En réalité, Salvini sait pertinemment que le capitalisme a besoin d’immigrés. Il a besoin de quelqu’un qui ramasse des tomates à deux euros de l’heure, il a besoin de désespérés prêts à travailler à tout prix afin de servir de levier pour diminuer les salaires et les droits de tous les travailleurs, italiens et immigrés. Ce n’est pas un hasard si Salvini propose d’assouplir la loi contre le caporalato [« l’embrigadement » : le recrutement illégal de main-d’œuvre étrangère dans le travail agricole au Sud, géré par les mafias]. Selon le ministre, cette loi « compliquerait les choses [pour les patrons] au lieu de les simplifier ».

La crise des réfugiés est une aubaine pour de nombreuses entreprises. Sur les 5 milliards d’euros alloués à leur accueil par l’Etat, bien peu vont réellement aux demandeurs d’asile. L’écrasante majorité est empochée par des affairistes (de n’importe quel bord politique) dont la seule morale est le profit.

En bref, le racisme est utile au capitalisme, et pas seulement du point de vue de la propagande.

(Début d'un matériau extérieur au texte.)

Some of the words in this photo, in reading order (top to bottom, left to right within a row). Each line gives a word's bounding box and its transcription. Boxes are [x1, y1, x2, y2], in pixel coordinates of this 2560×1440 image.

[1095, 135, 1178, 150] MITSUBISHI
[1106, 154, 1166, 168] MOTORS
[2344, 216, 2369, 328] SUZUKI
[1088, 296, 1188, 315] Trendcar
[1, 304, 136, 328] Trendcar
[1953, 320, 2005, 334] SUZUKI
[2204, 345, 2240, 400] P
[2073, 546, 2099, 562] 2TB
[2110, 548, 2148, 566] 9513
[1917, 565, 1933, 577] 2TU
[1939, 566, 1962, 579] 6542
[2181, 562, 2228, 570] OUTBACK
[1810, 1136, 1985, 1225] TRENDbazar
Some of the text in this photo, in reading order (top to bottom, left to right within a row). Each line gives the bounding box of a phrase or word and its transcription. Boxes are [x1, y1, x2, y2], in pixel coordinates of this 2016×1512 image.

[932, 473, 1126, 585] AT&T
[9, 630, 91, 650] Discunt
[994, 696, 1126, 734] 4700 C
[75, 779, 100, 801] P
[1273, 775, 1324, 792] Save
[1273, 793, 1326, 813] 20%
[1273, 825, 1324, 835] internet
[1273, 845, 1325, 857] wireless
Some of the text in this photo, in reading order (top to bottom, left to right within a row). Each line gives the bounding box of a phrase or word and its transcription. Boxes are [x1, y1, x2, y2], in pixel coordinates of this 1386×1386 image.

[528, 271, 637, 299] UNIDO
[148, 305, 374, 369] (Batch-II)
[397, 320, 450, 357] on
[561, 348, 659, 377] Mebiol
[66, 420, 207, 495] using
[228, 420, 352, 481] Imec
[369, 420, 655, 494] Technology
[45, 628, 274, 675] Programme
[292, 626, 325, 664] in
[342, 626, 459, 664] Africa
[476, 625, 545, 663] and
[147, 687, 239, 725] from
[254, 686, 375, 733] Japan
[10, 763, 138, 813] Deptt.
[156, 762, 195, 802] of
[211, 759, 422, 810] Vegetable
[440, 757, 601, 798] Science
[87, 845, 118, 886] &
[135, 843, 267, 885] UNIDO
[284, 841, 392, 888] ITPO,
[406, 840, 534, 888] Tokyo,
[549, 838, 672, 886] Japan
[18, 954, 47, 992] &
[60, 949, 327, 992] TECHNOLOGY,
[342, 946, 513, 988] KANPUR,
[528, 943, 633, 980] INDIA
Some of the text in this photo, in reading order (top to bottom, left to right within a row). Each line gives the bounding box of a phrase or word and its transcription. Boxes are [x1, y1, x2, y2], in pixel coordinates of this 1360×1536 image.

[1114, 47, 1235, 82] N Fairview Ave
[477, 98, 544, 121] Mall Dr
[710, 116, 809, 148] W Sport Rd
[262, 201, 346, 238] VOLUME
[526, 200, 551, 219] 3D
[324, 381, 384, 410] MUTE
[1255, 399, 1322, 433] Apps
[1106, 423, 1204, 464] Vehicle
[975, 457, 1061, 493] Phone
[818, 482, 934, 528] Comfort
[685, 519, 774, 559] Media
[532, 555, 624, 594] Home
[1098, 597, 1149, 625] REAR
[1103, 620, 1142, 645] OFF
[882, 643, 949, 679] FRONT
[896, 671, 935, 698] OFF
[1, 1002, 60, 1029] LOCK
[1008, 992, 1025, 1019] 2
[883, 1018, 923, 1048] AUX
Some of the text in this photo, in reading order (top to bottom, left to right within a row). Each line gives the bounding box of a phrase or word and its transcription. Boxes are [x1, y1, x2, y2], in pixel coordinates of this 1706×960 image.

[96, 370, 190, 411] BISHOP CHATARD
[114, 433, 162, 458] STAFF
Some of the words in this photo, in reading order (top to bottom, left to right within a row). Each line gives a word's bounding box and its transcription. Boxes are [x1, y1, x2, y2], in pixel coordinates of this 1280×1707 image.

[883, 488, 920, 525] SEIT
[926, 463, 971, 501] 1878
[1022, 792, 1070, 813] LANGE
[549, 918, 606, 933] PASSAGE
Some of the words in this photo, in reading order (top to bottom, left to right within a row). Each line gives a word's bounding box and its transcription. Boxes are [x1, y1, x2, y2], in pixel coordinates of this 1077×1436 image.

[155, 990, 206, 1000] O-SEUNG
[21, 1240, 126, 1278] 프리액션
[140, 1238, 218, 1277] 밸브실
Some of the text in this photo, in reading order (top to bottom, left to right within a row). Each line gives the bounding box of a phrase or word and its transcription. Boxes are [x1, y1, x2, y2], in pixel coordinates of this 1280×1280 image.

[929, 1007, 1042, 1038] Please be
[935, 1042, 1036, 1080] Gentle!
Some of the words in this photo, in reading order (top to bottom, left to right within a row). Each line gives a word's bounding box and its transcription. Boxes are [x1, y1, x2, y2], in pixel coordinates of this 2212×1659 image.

Par conséquent, afin de lutter contre le racisme et la xénophobie, le travail de contre-information ne suffit pas, même s’il est absolument juste. Il est nécessaire de faire une séparation claire entre les drapeaux du mouvement antiraciste et ceux de la bourgeoisie libérale comme le Parti Démocrate. Il faut se doter d’un programme qui vise à promouvoir l’unité de classe entre travailleurs italiens et immigrés.

Ce programme doit prévoir l’abolition de toutes les lois qui discriminent les immigrés (du décret Minniti à la loi Bossi-Fini), l’abolition du délit d’immigration clandestine et de la logique des flux, et l’obtention de la citoyenneté italienne après trois ans de résidence pour ceux qui le demandent et pour tous ceux qui sont nés en Italie. L’antiracisme est un anticapitalisme !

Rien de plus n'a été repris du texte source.